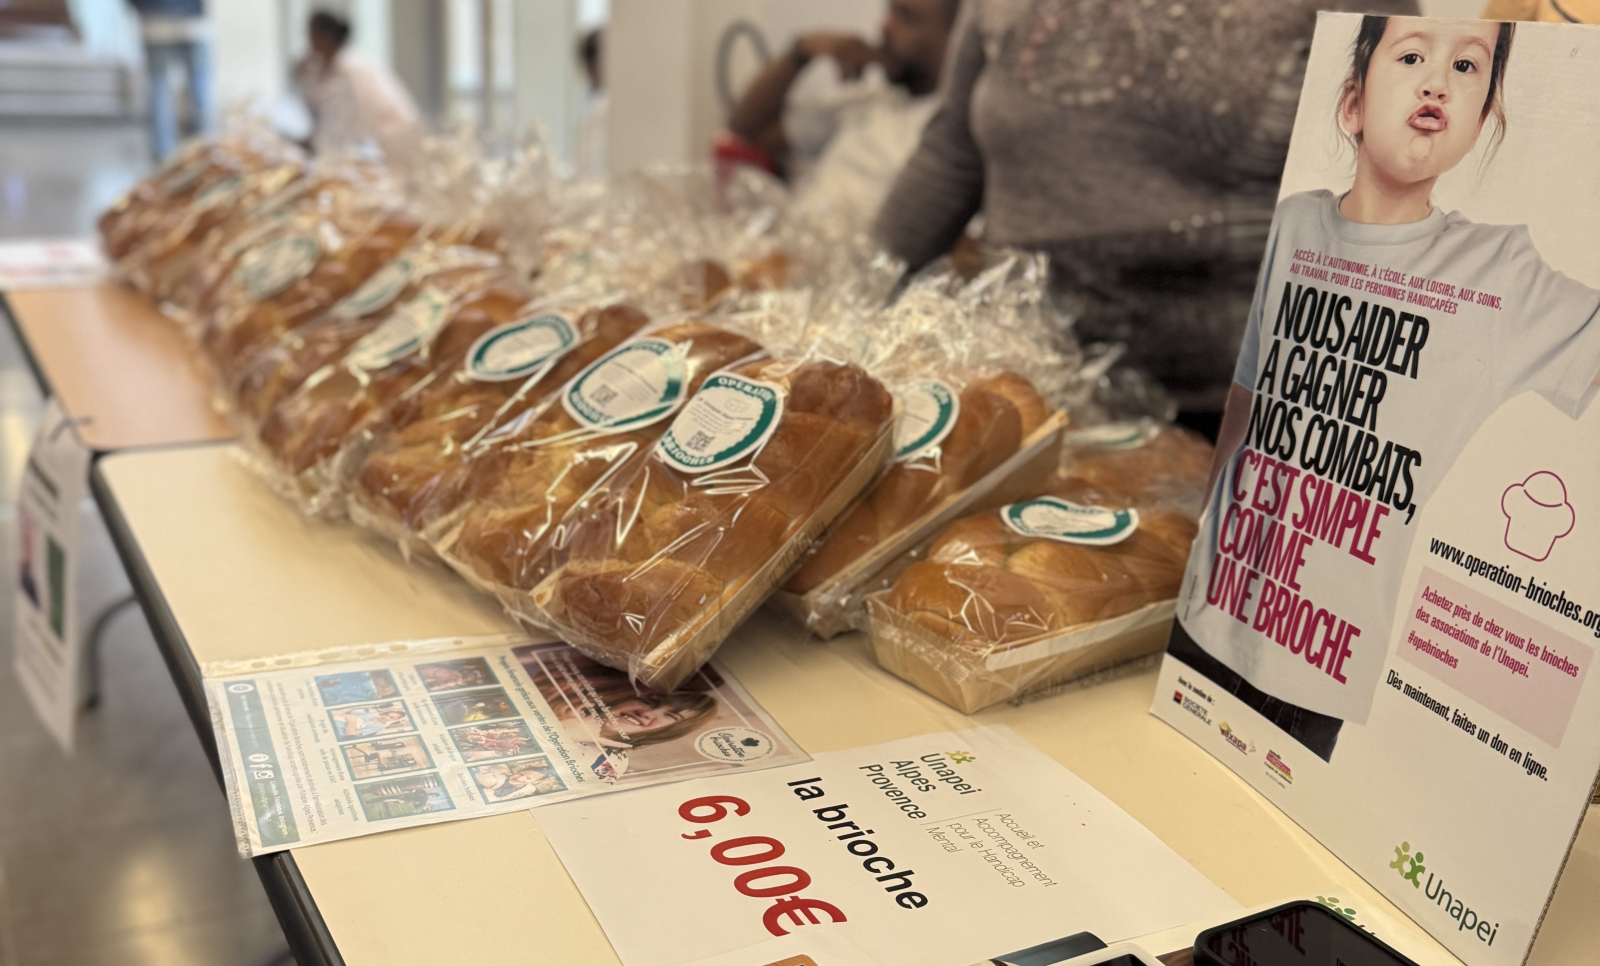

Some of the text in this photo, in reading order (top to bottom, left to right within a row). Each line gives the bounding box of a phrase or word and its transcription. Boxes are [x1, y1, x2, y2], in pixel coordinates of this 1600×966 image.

[1290, 263, 1458, 315] AU TRAVAIL POUR LES PERSONNES HANDICAPÉES
[1293, 249, 1502, 311] ACCÈS À L'AUTONOMIE, À L'ÉCOLE, AUX LOISIRS, AUX SOINS,
[1273, 281, 1430, 380] NOUS AIDER
[1257, 339, 1388, 432] A GAGNER
[1245, 393, 1422, 525] NOS COMBATS,
[1233, 449, 1390, 566] C'EST SIMPLE
[1219, 502, 1313, 592] COMME
[1206, 553, 1361, 685] UNE BRIOCHE
[1429, 537, 1600, 639] www.operation-brioches.org
[1407, 630, 1459, 669] #opebrioches
[1415, 606, 1529, 679] des associations de l'Unapei.
[1422, 586, 1580, 678] Achetez près de chez vous les brioches
[541, 724, 555, 732] de
[1182, 702, 1212, 726] GENERALE
[1184, 696, 1208, 716] SOCIETE
[1386, 669, 1548, 782] Dès maintenant, faites un don en ligne.
[542, 731, 574, 760] l'Opération
[563, 759, 589, 782] Brioches
[889, 760, 937, 793] Alpes
[920, 753, 982, 795] Unapei
[859, 764, 927, 819] Provence
[787, 776, 929, 910] la brioche
[926, 827, 963, 853] Mental
[947, 823, 1025, 888] pour le Handicap
[971, 818, 1058, 887] Accompagnement
[995, 813, 1046, 850] Accueil et
[678, 795, 847, 937] 6,00€
[1425, 872, 1500, 946] Unapei
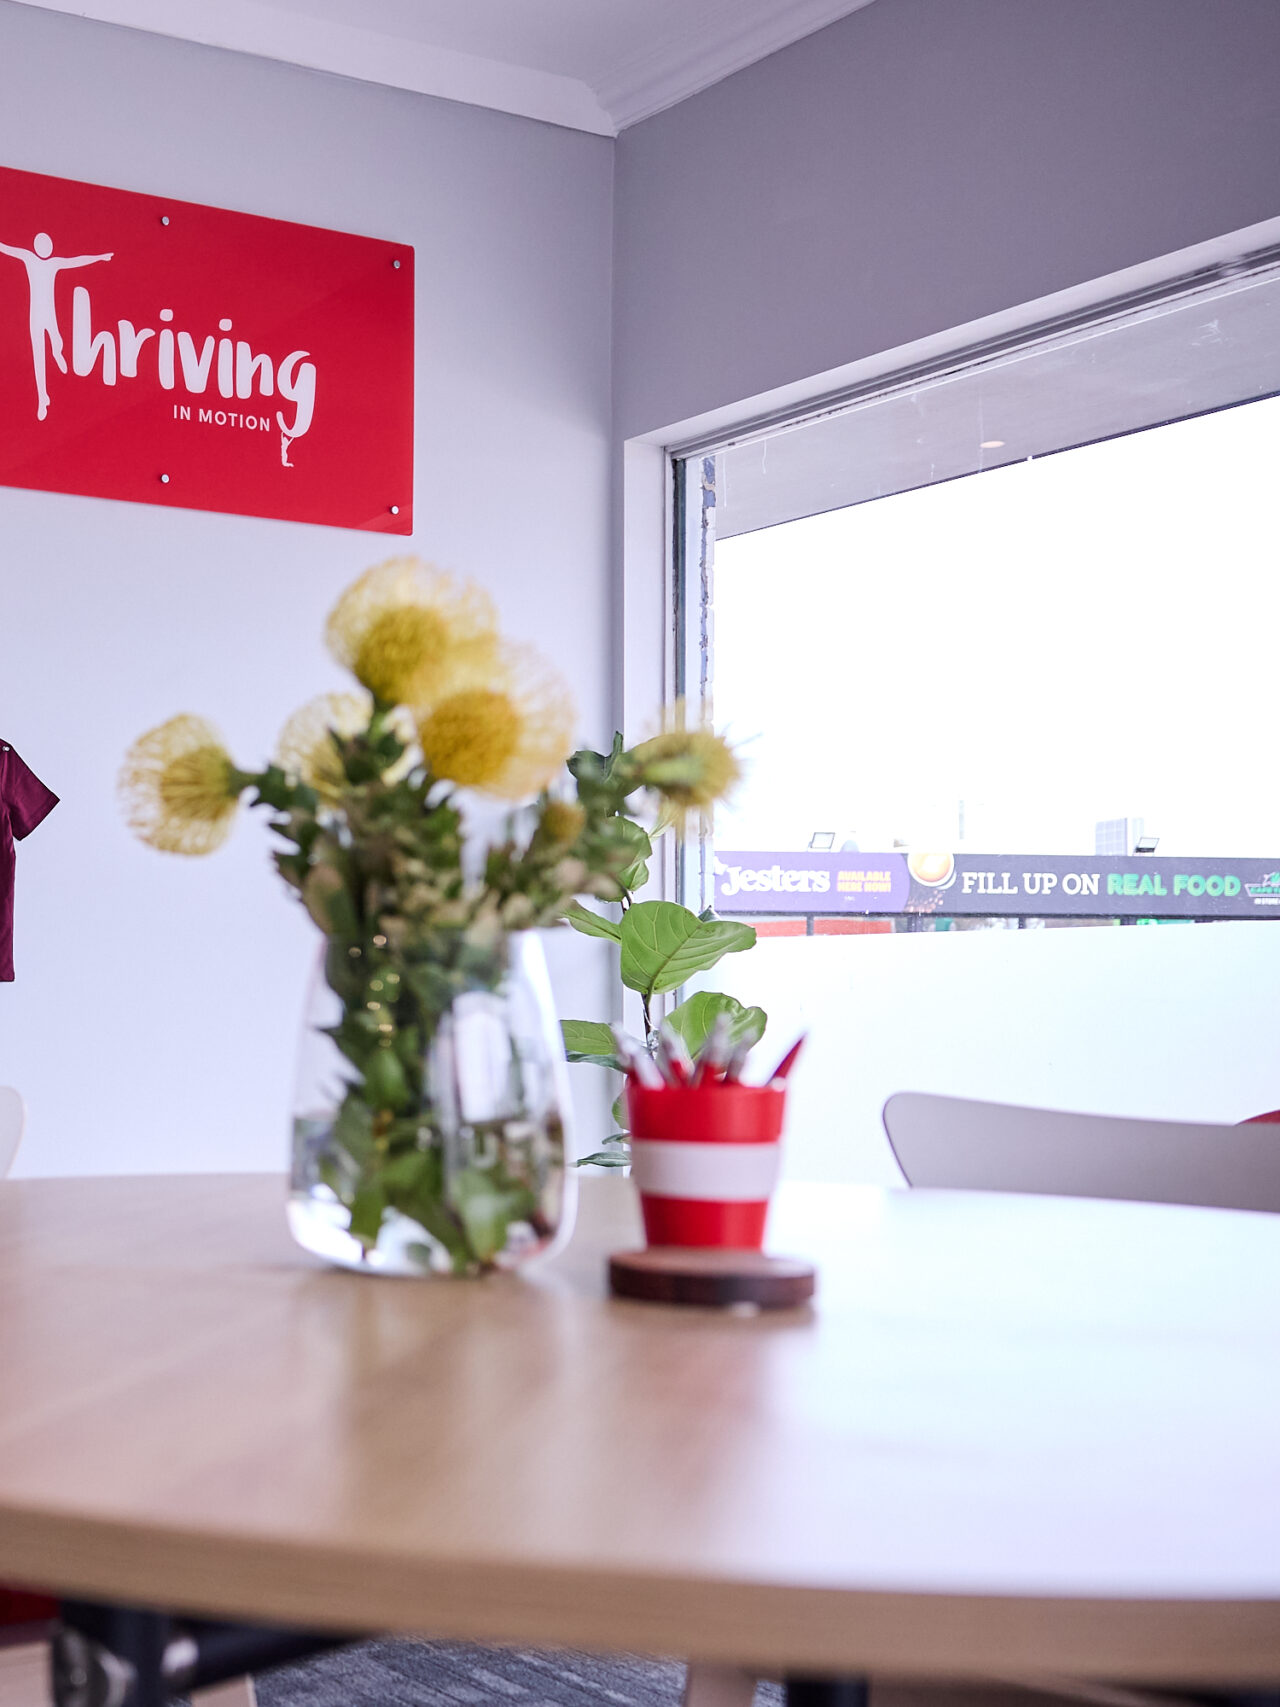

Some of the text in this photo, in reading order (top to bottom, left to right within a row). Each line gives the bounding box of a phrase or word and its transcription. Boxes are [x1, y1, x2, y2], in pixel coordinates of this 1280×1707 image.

[173, 404, 271, 433] IN MOTION
[721, 865, 831, 896] Jesters
[837, 871, 891, 882] AVAILABLE
[837, 881, 863, 892] HERE
[961, 872, 1242, 897] FILL UP ON REAL FOOD

* [TASK STATEMENT] Output the data exactly. Leave every picture out.

* [THE COMPLETED TASK]
Some of the text in this photo, in reading order (top to bottom, left to right within a row). Each line gives the bounding box of a phrase or word and its transcription. Boxes are [x1, y1, x2, y2], in pixel coordinates of this 1600×966 image.

[1290, 263, 1458, 315] AU TRAVAIL POUR LES PERSONNES HANDICAPÉES
[1293, 249, 1502, 311] ACCÈS À L'AUTONOMIE, À L'ÉCOLE, AUX LOISIRS, AUX SOINS,
[1273, 281, 1430, 380] NOUS AIDER
[1257, 339, 1388, 432] A GAGNER
[1245, 393, 1422, 525] NOS COMBATS,
[1233, 449, 1390, 566] C'EST SIMPLE
[1219, 502, 1313, 592] COMME
[1206, 553, 1361, 685] UNE BRIOCHE
[1429, 537, 1600, 639] www.operation-brioches.org
[1407, 630, 1459, 669] #opebrioches
[1415, 606, 1529, 679] des associations de l'Unapei.
[1422, 586, 1580, 678] Achetez près de chez vous les brioches
[541, 724, 555, 732] de
[1182, 702, 1212, 726] GENERALE
[1184, 696, 1208, 716] SOCIETE
[1386, 669, 1548, 782] Dès maintenant, faites un don en ligne.
[542, 731, 574, 760] l'Opération
[563, 759, 589, 782] Brioches
[889, 760, 937, 793] Alpes
[920, 753, 982, 795] Unapei
[859, 764, 927, 819] Provence
[787, 776, 929, 910] la brioche
[926, 827, 963, 853] Mental
[947, 823, 1025, 888] pour le Handicap
[971, 818, 1058, 887] Accompagnement
[995, 813, 1046, 850] Accueil et
[678, 795, 847, 937] 6,00€
[1425, 872, 1500, 946] Unapei

Some of the text in this photo, in reading order (top to bottom, left to right within a row). Each line gives the bounding box of a phrase or word and its transcription. Boxes are [x1, y1, x2, y2], in pixel coordinates of this 1280×1707 image.

[173, 404, 271, 433] IN MOTION
[721, 865, 831, 896] Jesters
[837, 871, 891, 882] AVAILABLE
[837, 881, 863, 892] HERE
[961, 872, 1242, 897] FILL UP ON REAL FOOD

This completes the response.